**How to complete this task:**
A word-for-word transcript of the closing lines is required: from the one with "Some of the words" through the final line of the data.

**Material shown:**
____________
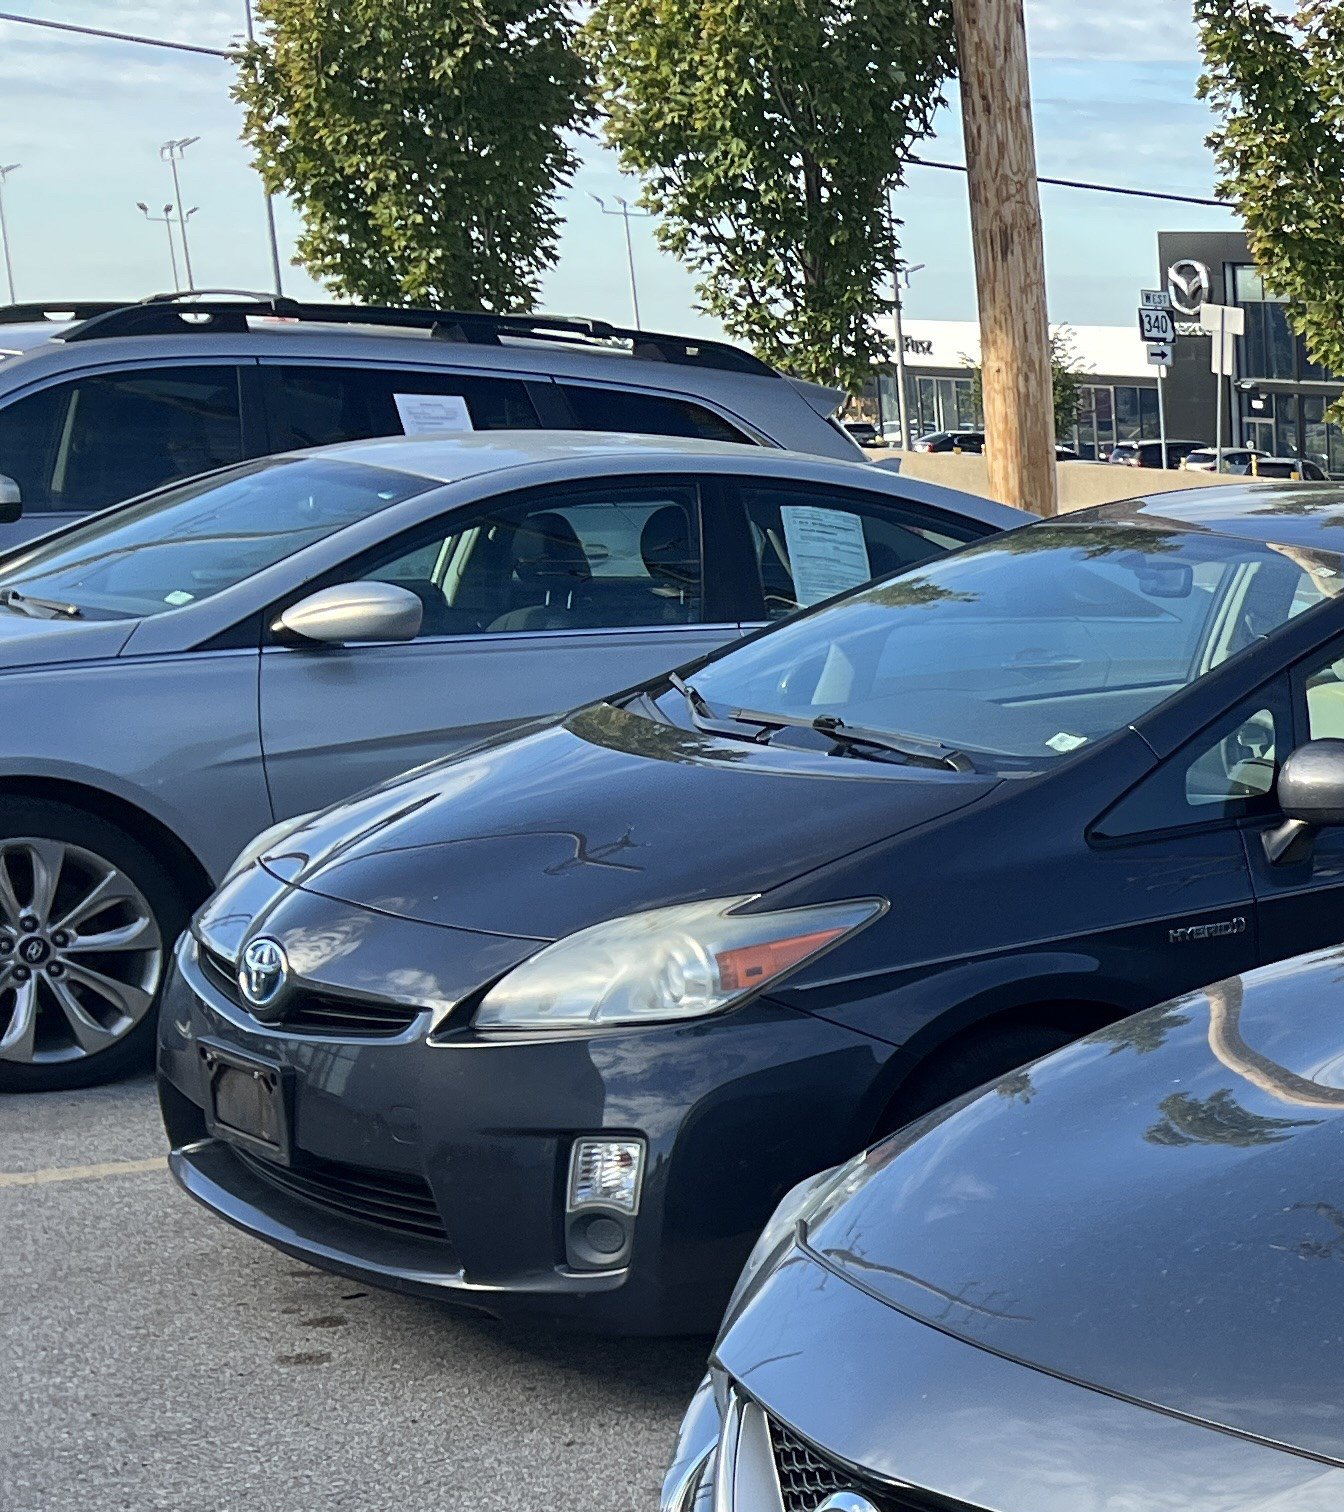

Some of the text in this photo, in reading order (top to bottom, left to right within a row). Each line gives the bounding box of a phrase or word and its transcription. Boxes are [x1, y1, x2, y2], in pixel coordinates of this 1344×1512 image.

[1144, 293, 1167, 304] WEST
[1145, 314, 1168, 333] 340
[1168, 921, 1233, 943] HYBRID
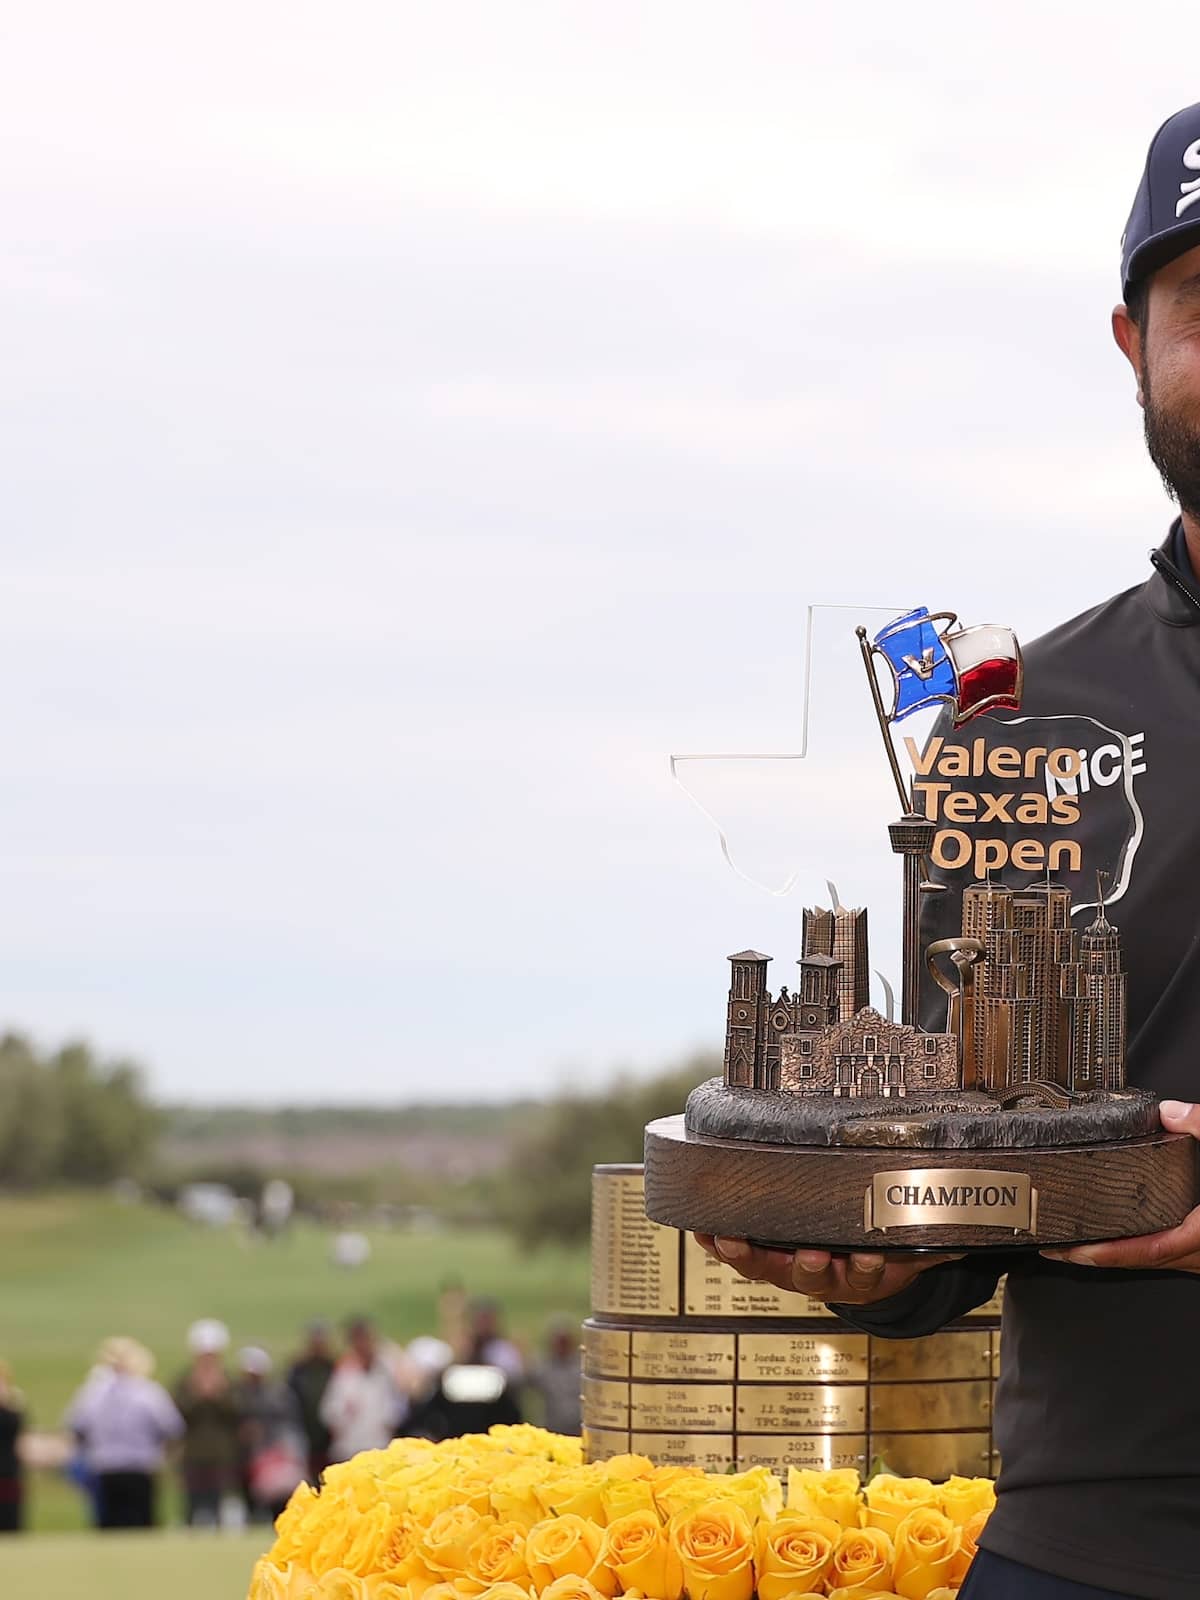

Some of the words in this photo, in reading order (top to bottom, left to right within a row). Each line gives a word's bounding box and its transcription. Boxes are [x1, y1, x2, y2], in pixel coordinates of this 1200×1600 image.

[904, 737, 1082, 778] Valero
[913, 782, 1081, 825] Texas
[930, 829, 1082, 879] Open
[887, 1185, 1018, 1207] CHAMPION
[789, 1340, 816, 1350] 2021
[757, 1366, 781, 1376] TPC
[786, 1391, 816, 1401] 2022
[754, 1416, 779, 1426] TPC
[788, 1442, 815, 1451] 2023
____________
**Task response:**
Some of the words in this photo, in reading order (top to bottom, left to right within a row). Each line gives a word's bounding box and its transcription. Boxes are [x1, y1, x2, y2], in pixel coordinates of this 1200×1600 image.

[904, 737, 1082, 778] Valero
[913, 782, 1081, 825] Texas
[930, 829, 1082, 879] Open
[887, 1185, 1018, 1207] CHAMPION
[789, 1340, 816, 1350] 2021
[757, 1366, 781, 1376] TPC
[786, 1391, 816, 1401] 2022
[754, 1416, 779, 1426] TPC
[788, 1442, 815, 1451] 2023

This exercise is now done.